Abir Maarouf KabbaniKrishnan RaghunathanWayne I LencerAnne K KenworthyChristopher V KellyPublished in: Proceedings of the National Academy of Sciences of the United States of America (2020)
AB5 bacterial toxins and polyomaviruses induce membrane curvature as a mechanism to facilitate their entry into host cells. How membrane bending is accomplished is not yet fully understood but has been linked to the simultaneous binding of the pentameric B subunit to multiple copies of glycosphingolipid receptors. Here, we probe the toxin membrane binding and internalization mechanisms by using a combination of superresolution and polarized localization microscopy.
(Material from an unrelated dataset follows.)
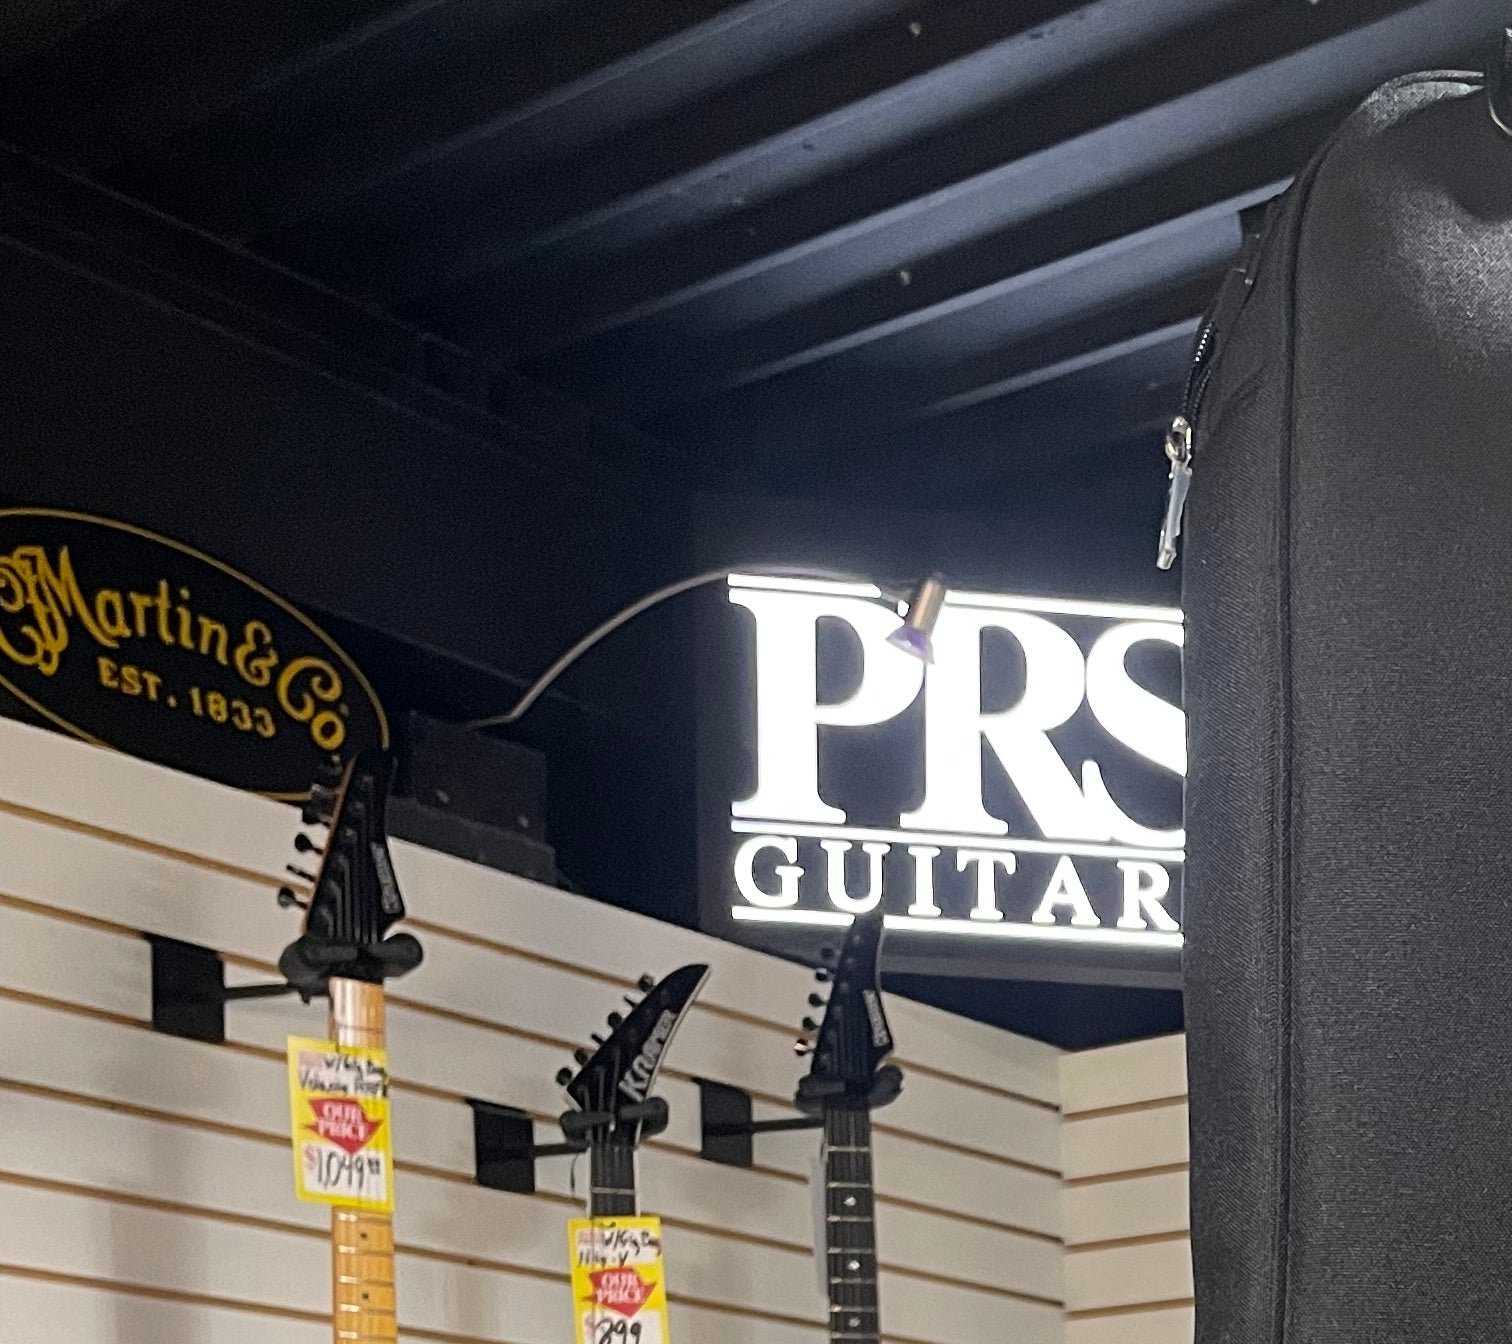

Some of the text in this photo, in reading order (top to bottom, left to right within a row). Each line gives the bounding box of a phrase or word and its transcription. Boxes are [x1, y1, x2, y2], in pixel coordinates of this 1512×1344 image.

[96, 656, 277, 739] EST. 1833
[728, 588, 1188, 848] PRS
[322, 1101, 364, 1125] OUR
We show that cholera toxin subunit B (CTxB) can induce membrane curvature only when bound to multiple copies of its glycosphingolipid receptor, GM1, and the ceramide structure of GM1 is likely not a determinant of this activity as assessed in model membranes. A mutant CTxB capable of binding only a single GM1 fails to generate curvature either in model membranes or in cells, and clustering the mutant CTxB-single-GM1 complexes by antibody cross-linking does not rescue the membrane curvature phenotype. We conclude that both the multiplicity and specific geometry of GM1 binding sites are necessary for the induction of membrane curvature. We expect this to be a general rule of membrane behavior for all AB5 toxins and polyomaviruses that bind glycosphingolipids to invade host cells.